Vous êtes en pleines révisions pour votre examen en droit de la famille et avez spécifiquement demandé à ne pas être dérangé(e) durant vos intenses heures de travail… C’était sans compter sur votre mère, qui crie sur tous les toits que vous faites du droit. Elle l’a d’ailleurs dit à son ami d’enfance, Nicolas, qui connaît des problèmes sentimentaux.

Nicolas a fait des études en histoire de l’art et travaille actuellement dans une galerie d’art moderne à Tours. C’est au détour d’un vernissage qu’il a eu le coup de foudre pour Habib. Les deux tourtereaux se sont rapidement mariés en 2018 et ont acquis, dans la foulée, une maison d’architecte dans la banlieue de Tours. Le logement est idéal et convient parfaitement au couple et à leurs trois enfants, Giuliana, Sasha et Bianca, qu’ils ont adoptés.

La maison est aujourd’hui intégralement remboursée et a même été améliorée : une belle véranda a été installée, pour favoriser les talents de jardinage de toute la famille.

Cette jolie vie de famille a volé en éclat il y a quelques mois, quand Habib a décidé de quitter le logement et de prendre un petit studio en centre-ville de Tours, pour, soi-disant, se recentrer sur lui-même.

Nicolas a fait part de ses inquiétudes à votre mère.

C’est lui qui a intégralement payé l’acquisition de la jolie maison, car il avait à l’époque des revenus supérieurs à ceux de Habib. Votre mère vous précise que ce remboursement s’est fait par le paiement des échéances du prêt contracté par les deux époux. Nicolas pourra-t-il obtenir un remboursement des sommes payées ?

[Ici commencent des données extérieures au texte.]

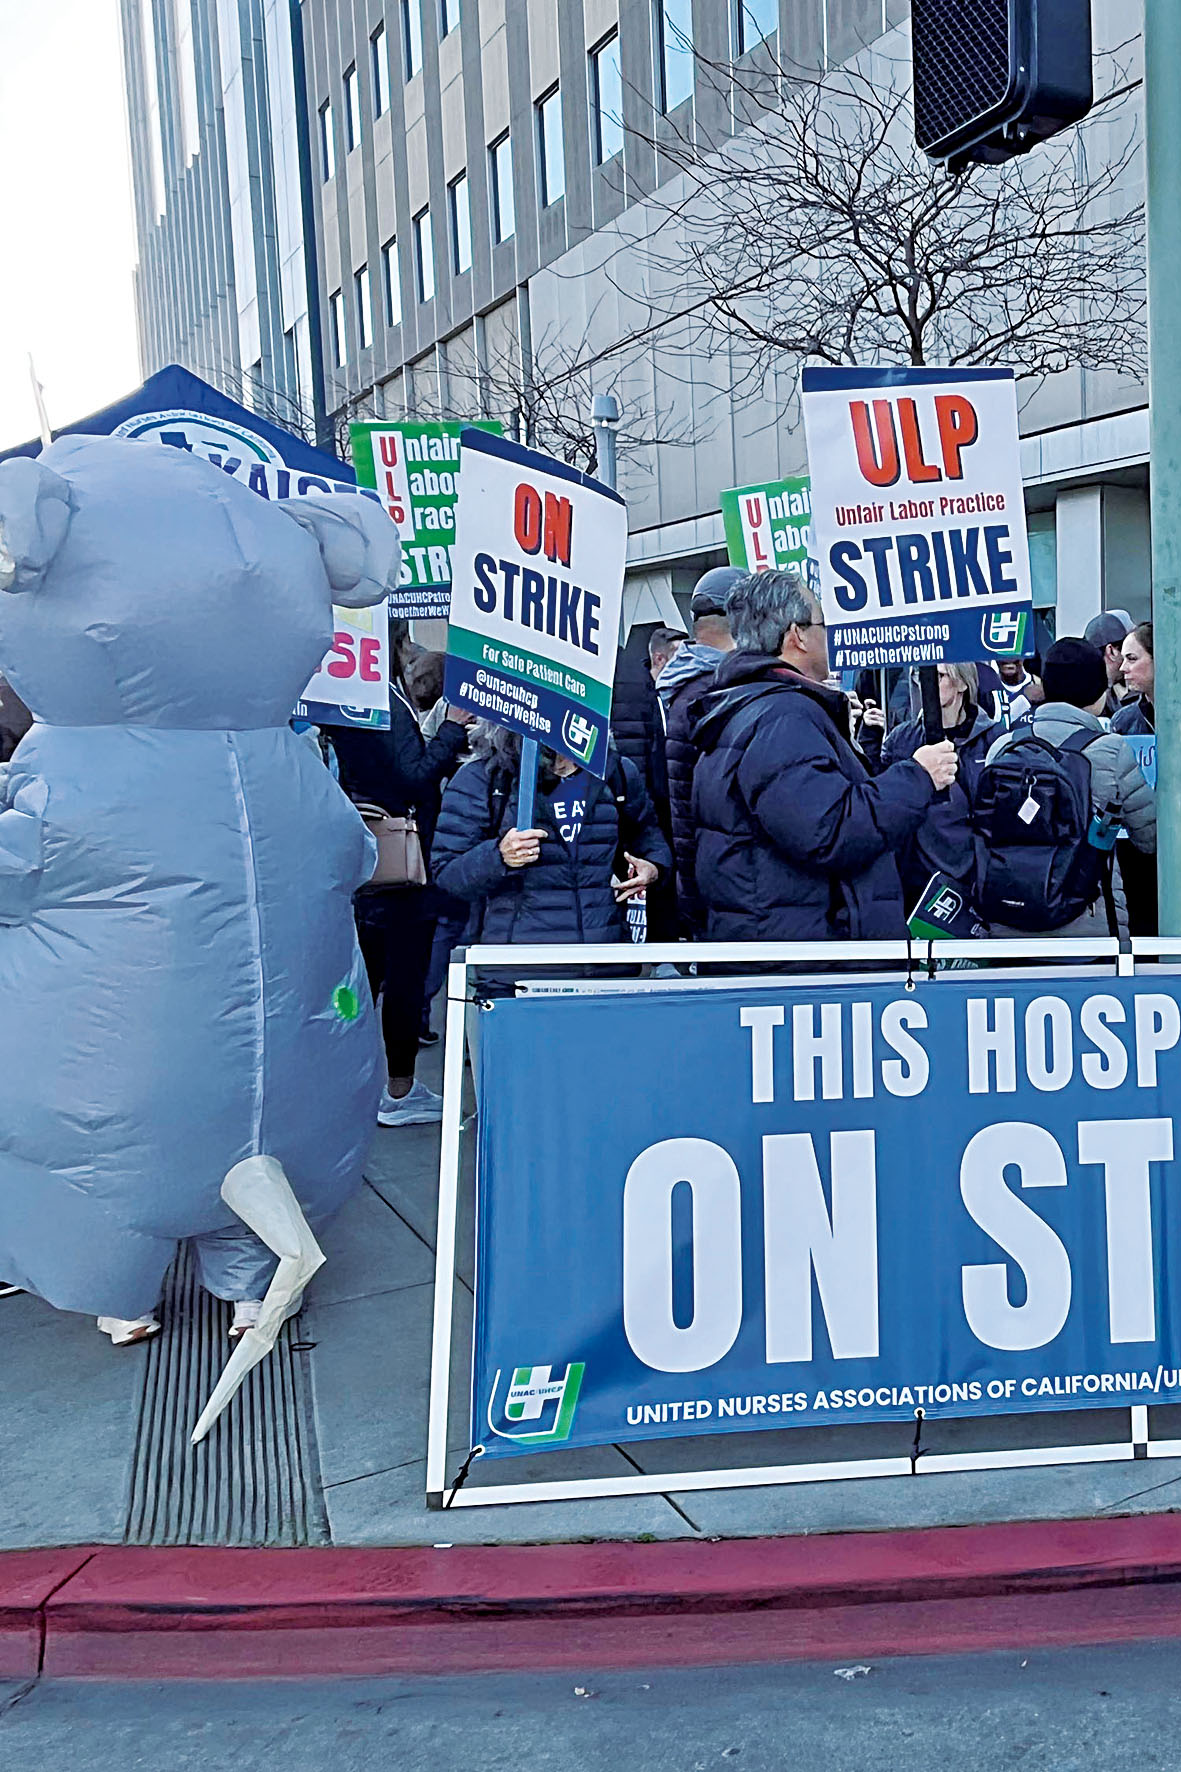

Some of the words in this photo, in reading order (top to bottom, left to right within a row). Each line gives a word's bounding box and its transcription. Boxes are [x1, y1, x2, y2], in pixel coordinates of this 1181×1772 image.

Par ailleurs, Nicolas croule sous les factures et les visites des commissaires de justice. Il souhaiterait avoir votre avis sur certaines d’entre elles.

Les travaux d’agrandissement de la véranda ne sont pas intégralement payés. Les deux époux s’étaient pourtant mis d’accord pour payer alternativement chaque mensualité du prêt contracté. Mais voilà plus de cinq mois que Habib ne paye plus ! Les factures s’entassent dans le bureau de Nicolas, qui refuse de toutes les payer. Les commissaires de justice souhaitent désormais saisir certains de ses salaires pour rembourser l’établissement de crédit : le peuvent-ils ? Et surtout, Nicolas peut-il forcer Habib à payer ces factures ?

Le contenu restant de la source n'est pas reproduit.